Spatial localization data:
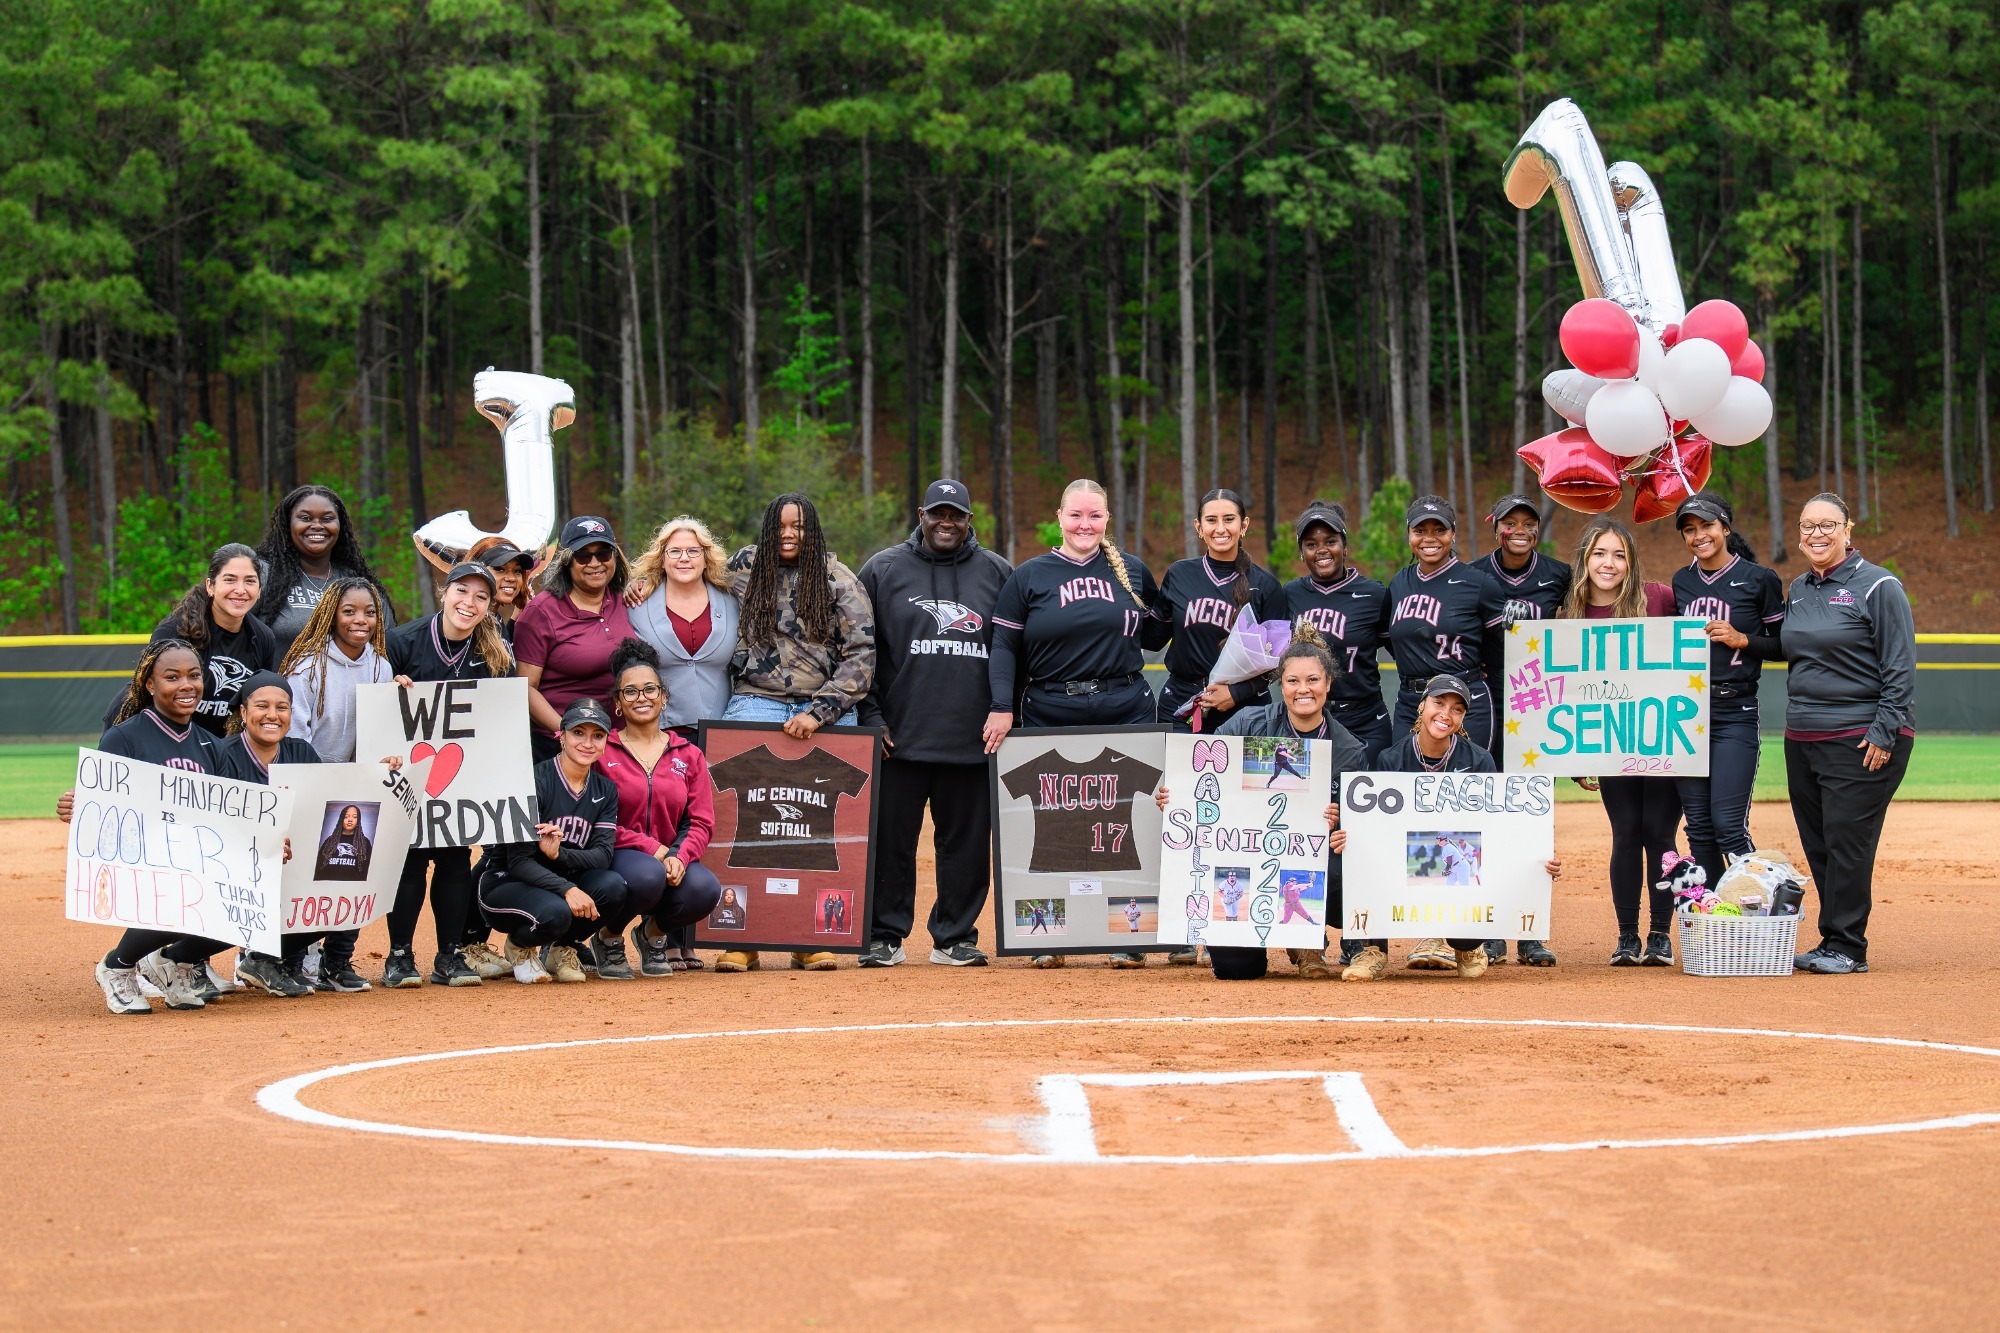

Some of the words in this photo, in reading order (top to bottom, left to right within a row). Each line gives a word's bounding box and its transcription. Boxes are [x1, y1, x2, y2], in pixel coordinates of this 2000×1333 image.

[1059, 576, 1115, 608] NCCU
[1122, 608, 1140, 637] 17
[1391, 593, 1442, 627] NCCU
[910, 639, 989, 659] SOFTBALL
[1346, 645, 1359, 674] 7
[1435, 633, 1464, 661] 24
[1544, 620, 1707, 673] LITTLE
[1509, 658, 1541, 691] MJ
[1509, 675, 1565, 714] #17
[1578, 680, 1634, 701] miss
[195, 699, 233, 717] OFTB
[397, 680, 478, 742] WE
[1539, 695, 1699, 756] SENIOR
[1621, 757, 1673, 773] 2026
[79, 756, 130, 796] OUR
[160, 773, 278, 827] MANAGER
[382, 769, 418, 820] SENIOR
[747, 788, 766, 803] NC
[769, 787, 828, 808] CENTRAL
[1038, 773, 1119, 811] NCCU
[1346, 775, 1405, 814] Go
[1414, 775, 1551, 816] EAGLES
[161, 811, 175, 823] IS
[409, 796, 541, 850] RDYN
[548, 815, 592, 849] CCU
[760, 821, 812, 838] SOFTBALL
[76, 801, 230, 879] COOLER
[1091, 822, 1129, 852] 17
[328, 857, 356, 866] SOFTBALL
[214, 881, 265, 908] THAN
[222, 902, 266, 931] YOURS
[286, 893, 377, 930] JORDYN
[1354, 913, 1369, 931] 17
[1392, 905, 1494, 923] MADELINE
[1520, 914, 1535, 932] 17
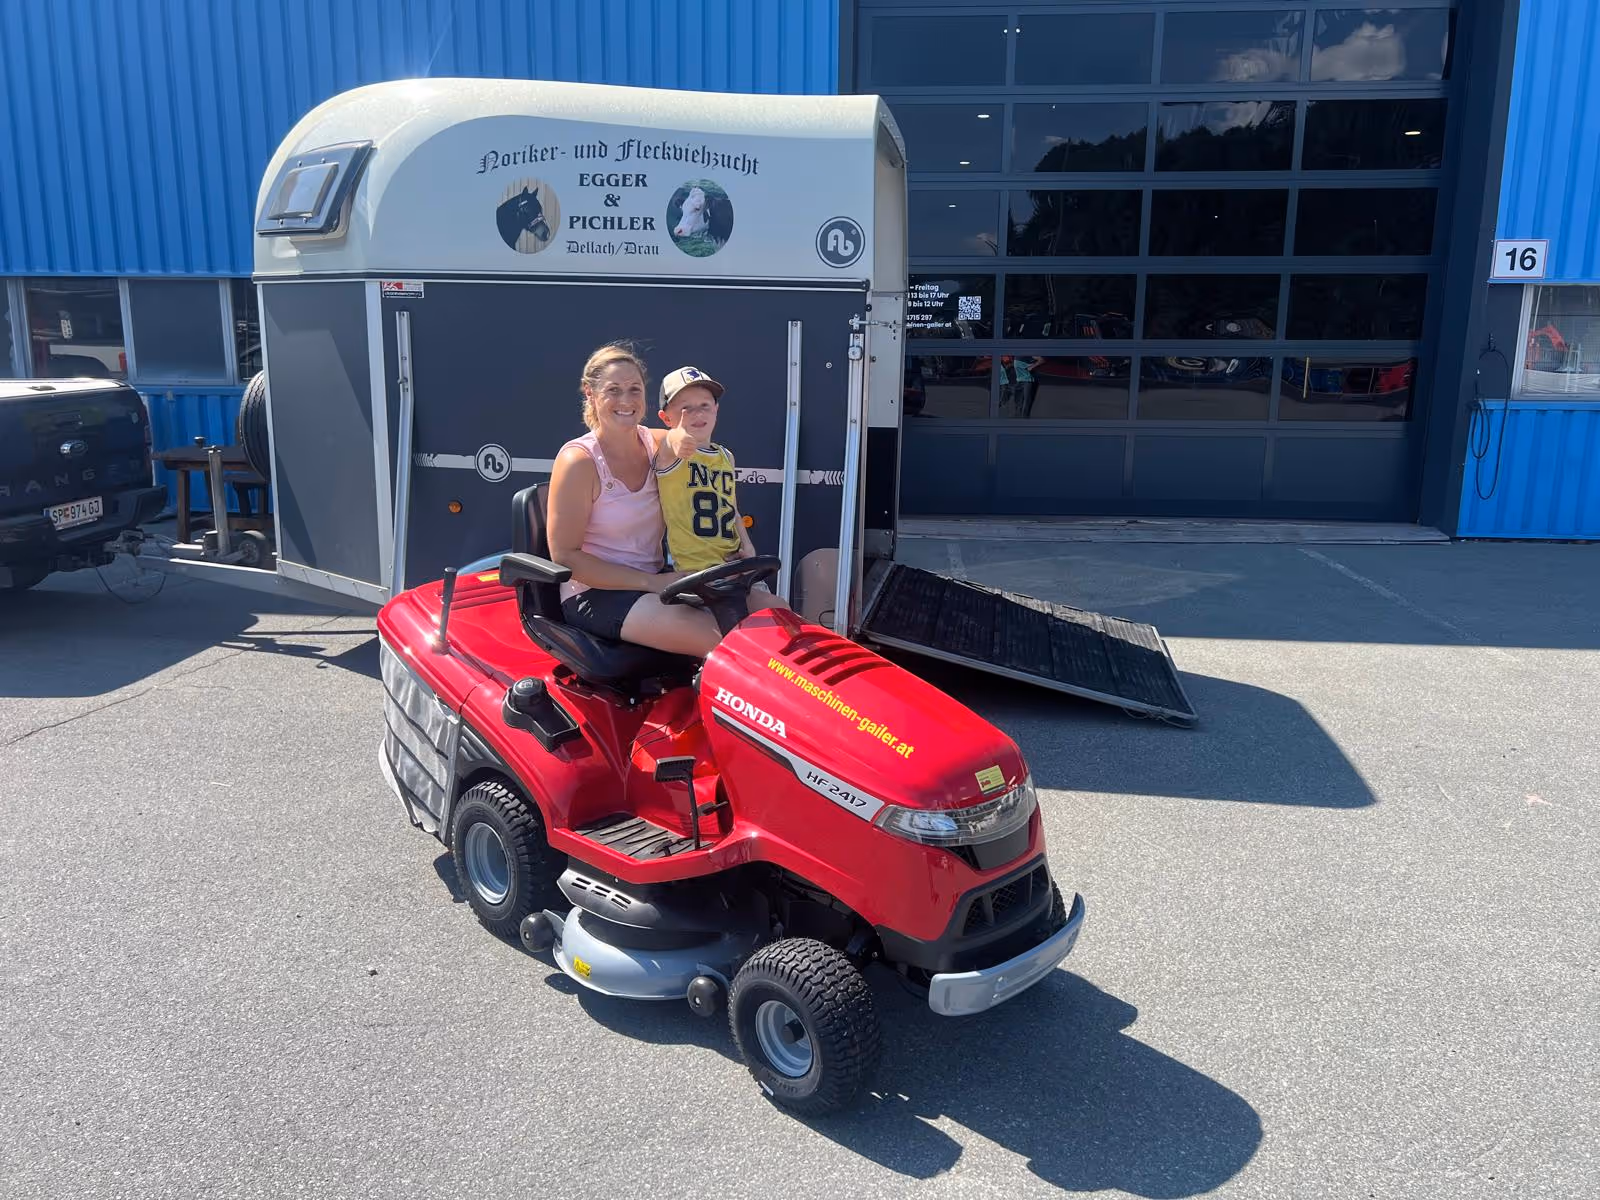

* PROBLEM DESCRIPTION
Would you please restate the records word for word, excluding any images?

* ANSWER FOR THE TASK
Some of the words in this photo, in reading order (top to bottom, left to right within a row). Each line gives a word's bounding box and its transcription. Boxes are [x1, y1, x2, y2], in pixel coordinates of this 2000×1333 image.

[1059, 576, 1115, 608] NCCU
[1122, 608, 1140, 637] 17
[1391, 593, 1442, 627] NCCU
[910, 639, 989, 659] SOFTBALL
[1346, 645, 1359, 674] 7
[1435, 633, 1464, 661] 24
[1544, 620, 1707, 673] LITTLE
[1509, 658, 1541, 691] MJ
[1509, 675, 1565, 714] #17
[1578, 680, 1634, 701] miss
[195, 699, 233, 717] OFTB
[397, 680, 478, 742] WE
[1539, 695, 1699, 756] SENIOR
[1621, 757, 1673, 773] 2026
[79, 756, 130, 796] OUR
[160, 773, 278, 827] MANAGER
[382, 769, 418, 820] SENIOR
[747, 788, 766, 803] NC
[769, 787, 828, 808] CENTRAL
[1038, 773, 1119, 811] NCCU
[1346, 775, 1405, 814] Go
[1414, 775, 1551, 816] EAGLES
[161, 811, 175, 823] IS
[409, 796, 541, 850] RDYN
[548, 815, 592, 849] CCU
[760, 821, 812, 838] SOFTBALL
[76, 801, 230, 879] COOLER
[1091, 822, 1129, 852] 17
[328, 857, 356, 866] SOFTBALL
[214, 881, 265, 908] THAN
[222, 902, 266, 931] YOURS
[286, 893, 377, 930] JORDYN
[1354, 913, 1369, 931] 17
[1392, 905, 1494, 923] MADELINE
[1520, 914, 1535, 932] 17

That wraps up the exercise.